The next question is how do We get there? How do we reach this point
of mass participation and organization? We’ll quote Fanon here:
“The duty of a leadership is to have the masses on their side. Any
commitment, however, presupposes awareness and understanding of the
mission to be accomplished, in short a rational analysis, no matter how
embryonic.” (7)
Here he stresses the basic conscious political education of the
people. We continue:
“The people should not be mesmerized, swayed by emotion or
confusion. Only [under-developed people] led by a revolutionary elite
emanating from the people can today empower the masses to step out
onto the stage of history.” (8)
I’ve put the above in bold to illuminate certain mistakes We often
make. We often capitulate to the weaknesses of the masses in Our good
intended desire to win them over. One of the weaknesses of this sort is
the masses never-ending desire to be entertained. This desire almost
always precedes from a desire to escape reality, and when done too much
establishes a state of complacency with oppression and exploitation and
undermines revolutionary or productive/progressive activity. When We
reach out to the masses We often make the mistake of trying to move them
into immediate action with a fiery speech, with the showing of the video
of the latest police killing, or whatever We believe may move them.
Although We have good intentions this method has hystorically proven
inadequate for carrying out revolution. Instead, because it relies on
emotions, which fluctuate, the activity it renders, if it renders
activity at all, is necessarily fluctuating, and vacillating.
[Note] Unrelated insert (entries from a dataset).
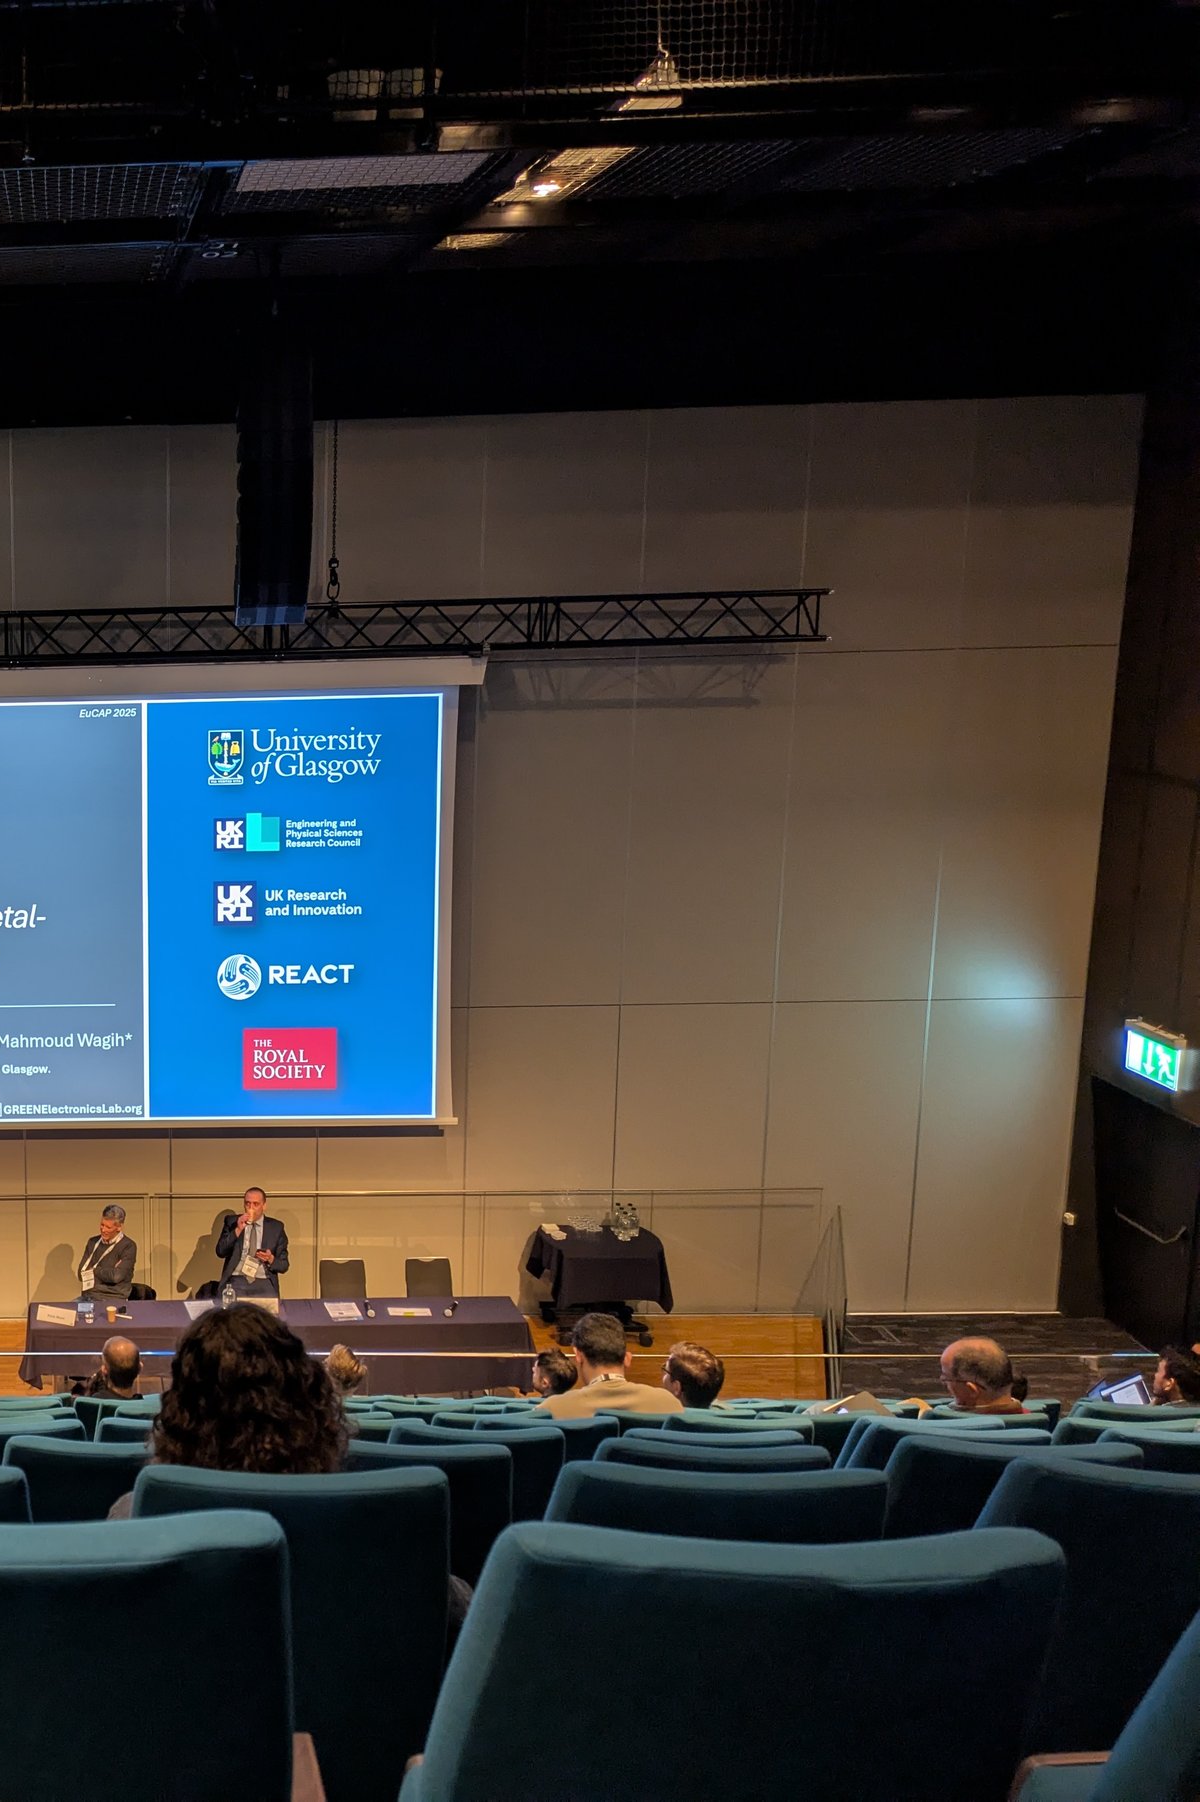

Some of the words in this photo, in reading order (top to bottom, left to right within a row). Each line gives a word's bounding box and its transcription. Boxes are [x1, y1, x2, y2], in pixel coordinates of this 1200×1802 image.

[79, 708, 111, 718] EuCAP
[113, 708, 136, 718] 2025
[250, 726, 382, 757] University
[251, 752, 277, 785] of
[275, 751, 381, 783] Glasgow
[216, 820, 244, 835] UK
[285, 819, 337, 830] Engineering
[339, 818, 357, 828] and
[285, 829, 322, 839] Physical
[323, 828, 363, 838] Sciences
[285, 838, 325, 848] Research
[327, 838, 361, 848] Council
[217, 884, 253, 907] UK
[265, 889, 285, 902] UK
[287, 888, 347, 901] Research
[265, 904, 289, 916] and
[293, 903, 363, 916] Innovation
[268, 964, 355, 985] REACT
[253, 1039, 273, 1048] THE
[253, 1049, 309, 1064] ROYAL
[1, 1064, 51, 1076] Glasgow.
[252, 1065, 326, 1080] SOCIETY
[3, 1103, 143, 1115] GREENElectronicsLab.org
We can see this in real time if We observe the ebbs and flows of
social movements in North amerika. George Floyd’s taped murder shook
people emotionally. It awakened pent up anger and frustration from many
sectors. People took that, and nothing else, no political education, no
political organization, no political vision, only anger and frustration
into their protests, and rebellions, and uprisings. Soon, the only
people left in the streets were politicized people. Anarchists,
Socialists, Abolitionists, and this sort. The masses however, had long
since retreated back into the comforts of their amerikan life of escape,
and leisure, isolating what was then allowed to be percieved as
extremist/terrorist elements.
This what Fanon calls the ‘weakness of spontaneity’ showed its face.
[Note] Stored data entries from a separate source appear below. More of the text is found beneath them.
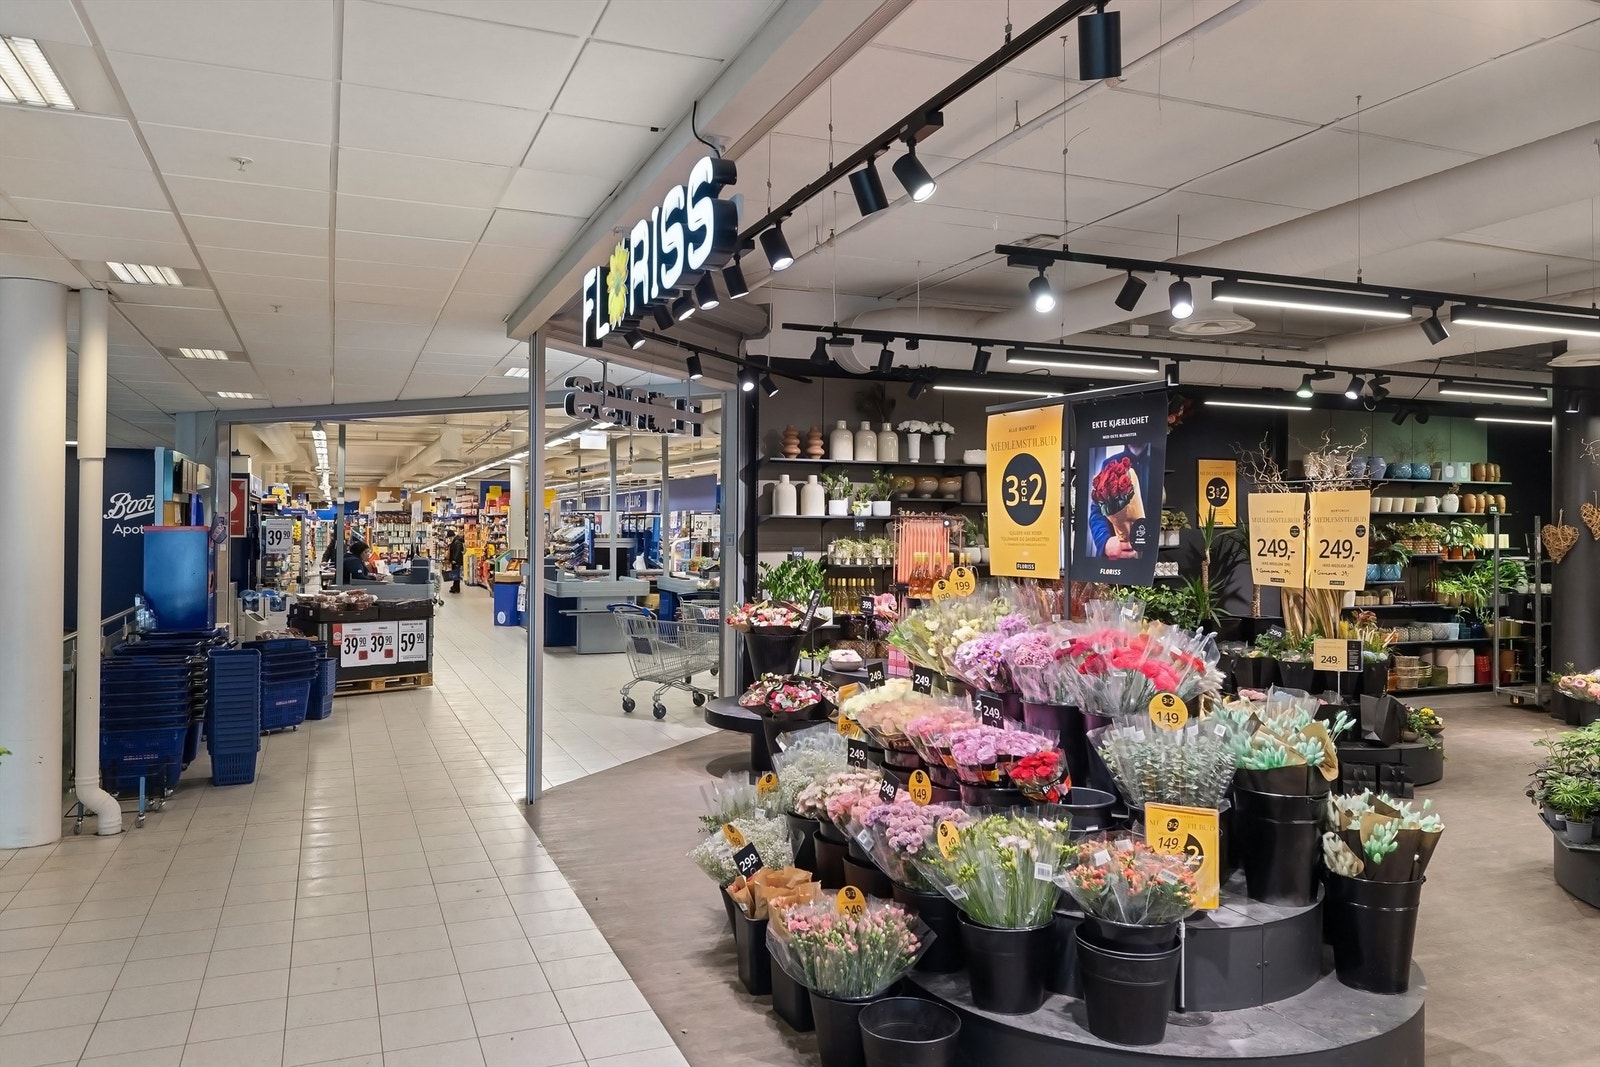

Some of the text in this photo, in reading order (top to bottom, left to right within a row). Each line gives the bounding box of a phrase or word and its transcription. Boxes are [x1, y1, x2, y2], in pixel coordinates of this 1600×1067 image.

[1092, 416, 1149, 429] EKTE KJÆRLIGHET
[991, 436, 1057, 452] MEDLEMSTILBUD
[1006, 475, 1020, 506] 3
[1029, 473, 1043, 506] 2
[1208, 486, 1216, 499] 3
[1220, 486, 1228, 499] 2
[103, 492, 155, 520] Boot
[112, 523, 144, 537] Apot
[1257, 538, 1295, 560] 249,-
[1319, 539, 1360, 562] 249,-
[344, 637, 358, 655] 39
[371, 635, 384, 653] 39
[401, 633, 415, 652] 59
We must learn from this. In the quote above the ‘under-developed people’
are those masses of North amerikans. They reside in the land of excess,
material excess, but the land of political sleep-walkers. These are the
people Fanon says must be led by a REVOLUTIONARY elite. Now what does he
mean by this? Because of the under-developed state of the people’s
sociopolitical consciousness, those cadre elements who’ve struggled to
grasp the complex concepts of political-economy, and revolutionary
theory, although not desiring to be perceived as an elite, meaning above
the rest, they actually do represent a higher stage of development, and
in that context ONLY are they ‘elite’. The key phrase of the quote is
the necessity that these ‘elite’ emanate from the people, meaning they
must be one of their own, or perceived as such. The cadre-organizer must
take care to balance its level of understanding with the level of the
masses. There will be a contradiction between these masses and the
politicized persyn, there should be, but this should not be an
antagonistic contradiction. The people should be able to look to you for
example, not look at you in disdain. As one might do to someone who
thinks their shit don’t stink. Now we move to exactly HOW does these
cadres, EMPOWER THE MASSES,
“…On the condition that We vigorously and decisively reject the
formation of a national bourgeoisie, a caste of privileged individuals.
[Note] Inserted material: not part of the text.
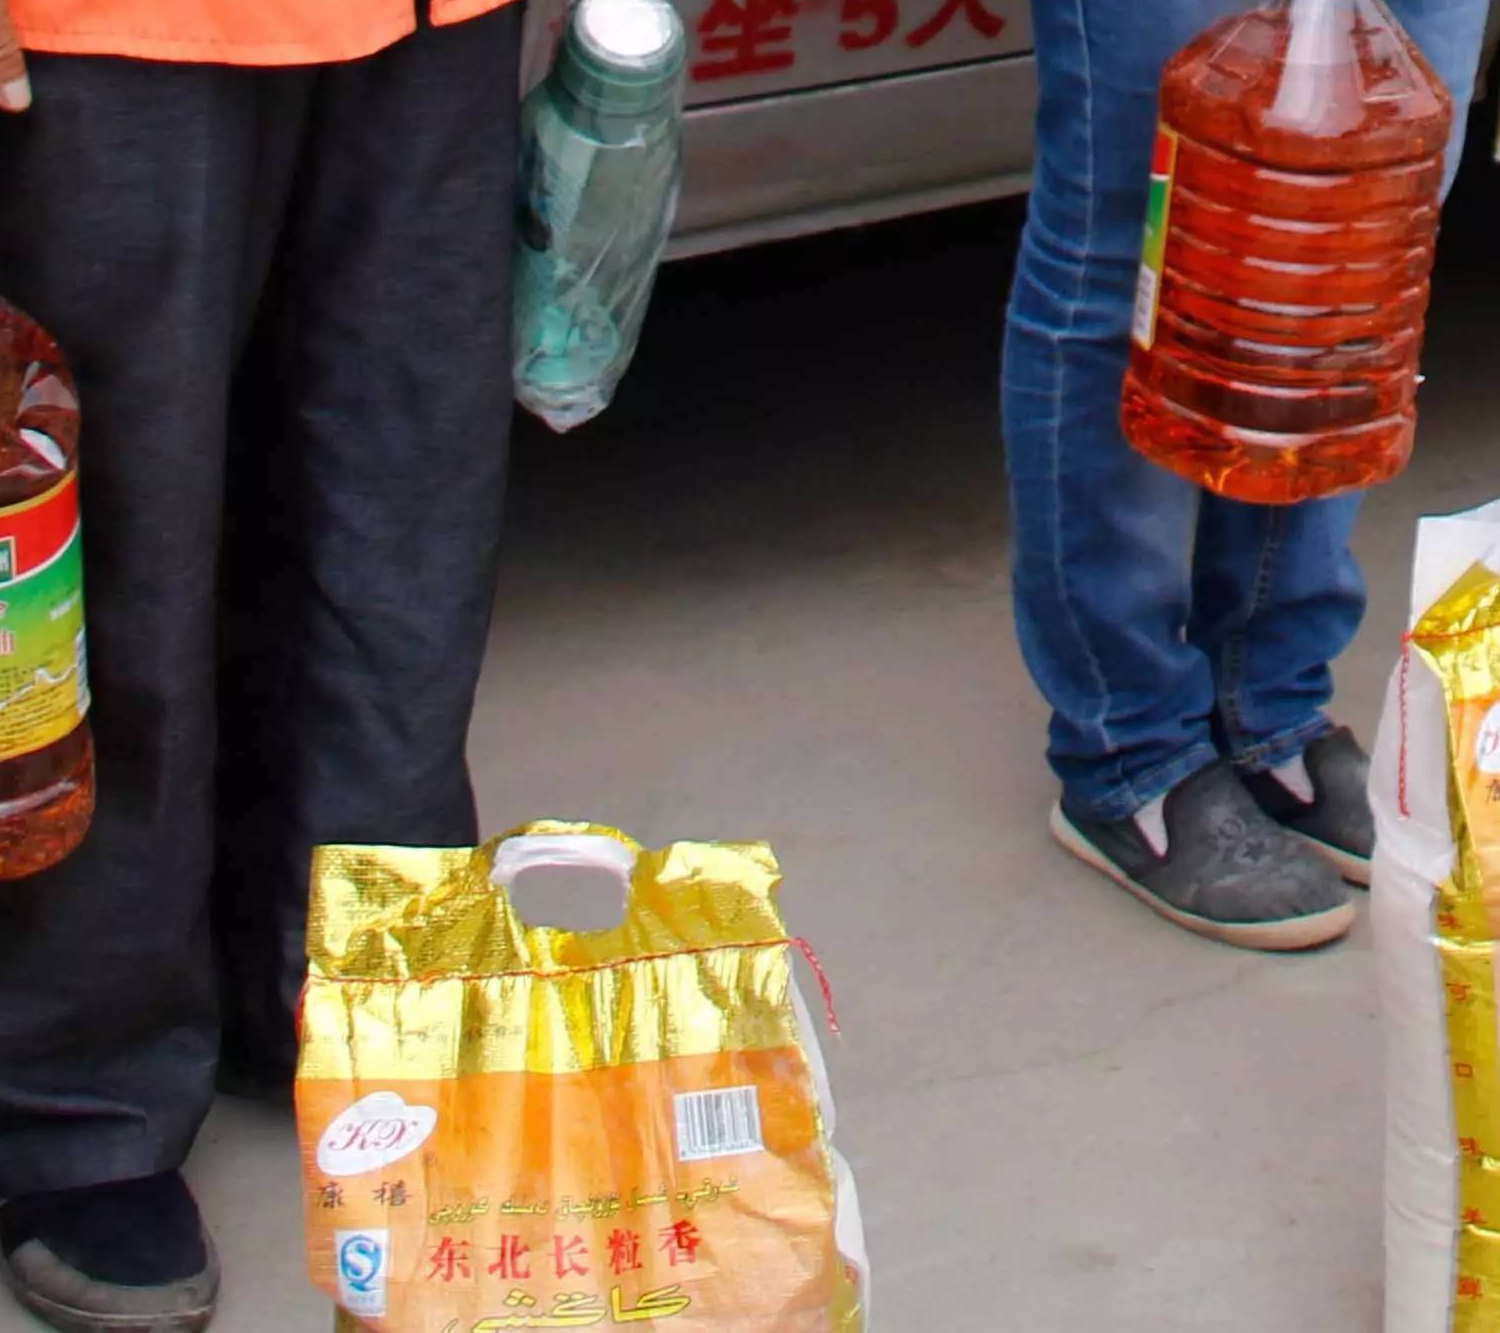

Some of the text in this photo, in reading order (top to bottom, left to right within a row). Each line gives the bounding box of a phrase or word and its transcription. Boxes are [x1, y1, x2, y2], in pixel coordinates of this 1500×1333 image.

[316, 1179, 413, 1209] 康禧
[427, 1219, 701, 1282] 东北长粒香
To politicize the masses is to make the nation (or class) in its
totality a reality for every citizen. To make the experience of the
nation (or class) the experience of every citizen.” (9)
“Only the massive commitment by men and wimmin to judicious and
productive tasks gives form and substance to this consciousness.”
(10)
“No leader, whatever their worth, can replace the will of the people,
and the national government, before concerning itself with international
prestige, must first restore dignity to all citizens, furnish
their minds, fill their eyes with human things and develop a human
landscape for the sake of its enlightened and sovereign
inhabitants.” (11)
It is Our intention as USW leaders in Texas, as Tx T.E.A.M.O.N.E.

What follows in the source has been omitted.